There’s a lot going on at the moment. The leaders of the EU’s 27 states sit down in Brussels today as the world watches to see if the ceasefire between Israel and Iran will hold and avoid a destabilising war in the Middle East.
Over the 12 days where Israel and Iran traded barrages of missiles, and the United States entered the fray to bomb three Iranian nuclear sites, the European Union was more of a bystander than a political player.
Talks last Friday in Geneva between the foreign ministers of Iran, France, Germany and Britain, plus the EU’s top diplomat, appeared blindsided by US president Donald Trump’s decision to bomb Iran that weekend.
The repeated calls from European leaders for dialogue and de-escalation did not seem to carry much weight, and it was the US who brokered a truce with the help of Qatar.
The Iran-Israel flashpoint is just one of multiple fronts where the EU has struggled to exert influence.
A growing group of EU states want firm action from the EU, to push Israel to let supplies and aid flow into the decimated Palestinian enclave.
It has spent months fighting about how to pressure Israel to ease its blockade of food and aid getting into Gaza.
Germany and several other EU states have advocated a softly, softly approach. They want to keep raising concerns about the grave humanitarian conditions privately with the Israeli government. That clearly has not worked.

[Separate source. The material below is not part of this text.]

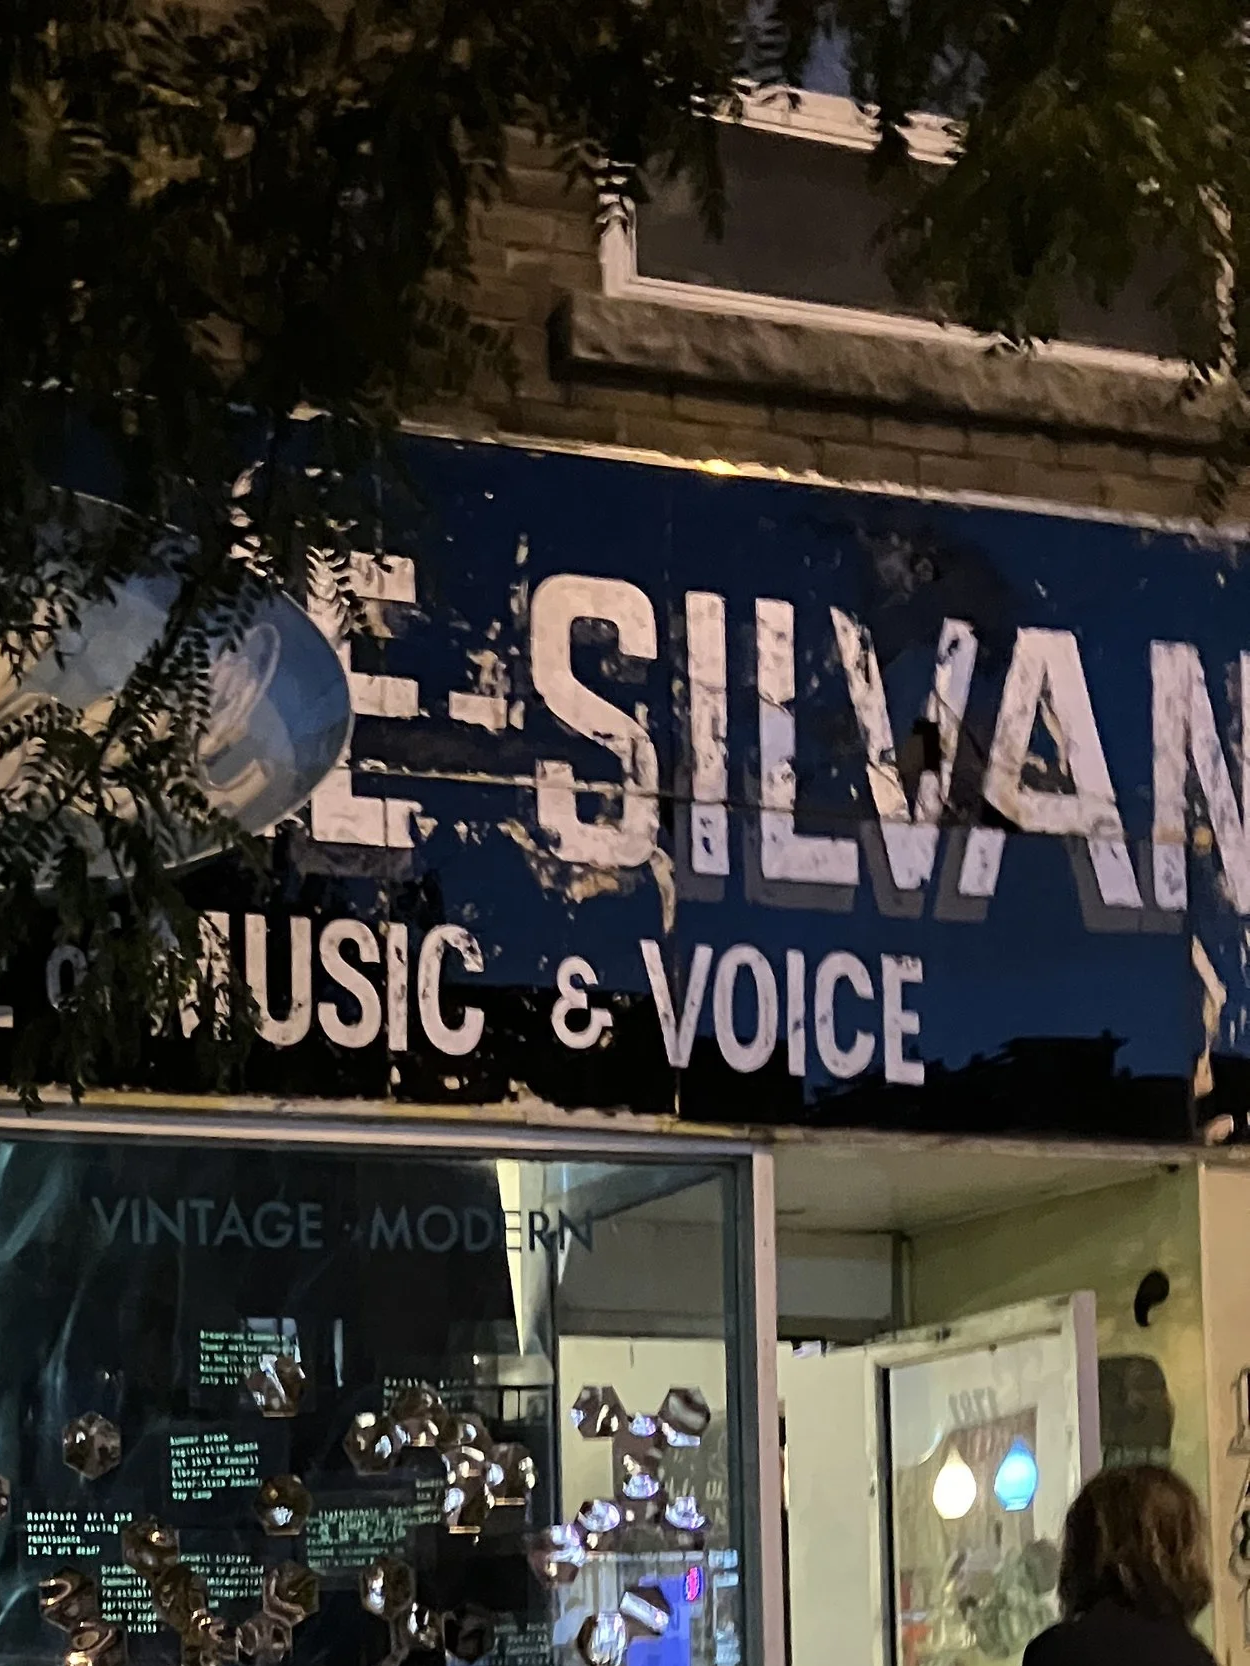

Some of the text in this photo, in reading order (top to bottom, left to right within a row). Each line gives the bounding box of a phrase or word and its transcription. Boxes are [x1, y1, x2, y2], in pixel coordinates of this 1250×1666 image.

A growing group of EU states want firm action from the EU, to push Israel to let supplies and aid flow into the decimated Palestinian enclave.
Brussels loves its procedures and processes. A review that confirmed Israel had breached human rights obligations during its 20-month invasion of Gaza was seen as a precursor to any sanction on Israel.
Foreign affairs ministers were in town earlier this week to discuss the findings of that report. Kaja Kallas, the EU’s foreign affairs chief who chairs those meetings, was a bit watery on what will happen when speaking to journalists afterwards.
Belgium, Ireland, Spain and others are hoping options will be put on the table when foreign ministers get together again in mid-July. Options could include suspending an EU-Israel free trade deal, cutting Israeli access to EU research funding, sanctioning Israeli ministers or restricting trade from occupied Palestinian territories.
Some diplomats fear the timeline for an EU decision is already beginning to slip, due to a lack of appetite to move against Israel from Kallas and European Commission president Ursula von der Leyen.
Kallas said she would first take the findings of the EU review to Israel. “If the situation does not improve, then we can discuss further measures and come back to this in July,” she said.
Given the recent spotlight on the Middle East, you could nearly forget there is a war being fought on the EU’s doorstep. Russia appears as bullish as ever and has been hitting Kyiv with some of the largest aerial bombardments since the start of its full scale invasion three-and-a-half years ago.
The EU has provided huge amounts of military and financial aid to help keep Ukraine in the fight, but still found itself without a seat at the table during preliminary – and so far inconclusive – truce talks between Ukraine, Russia and the US.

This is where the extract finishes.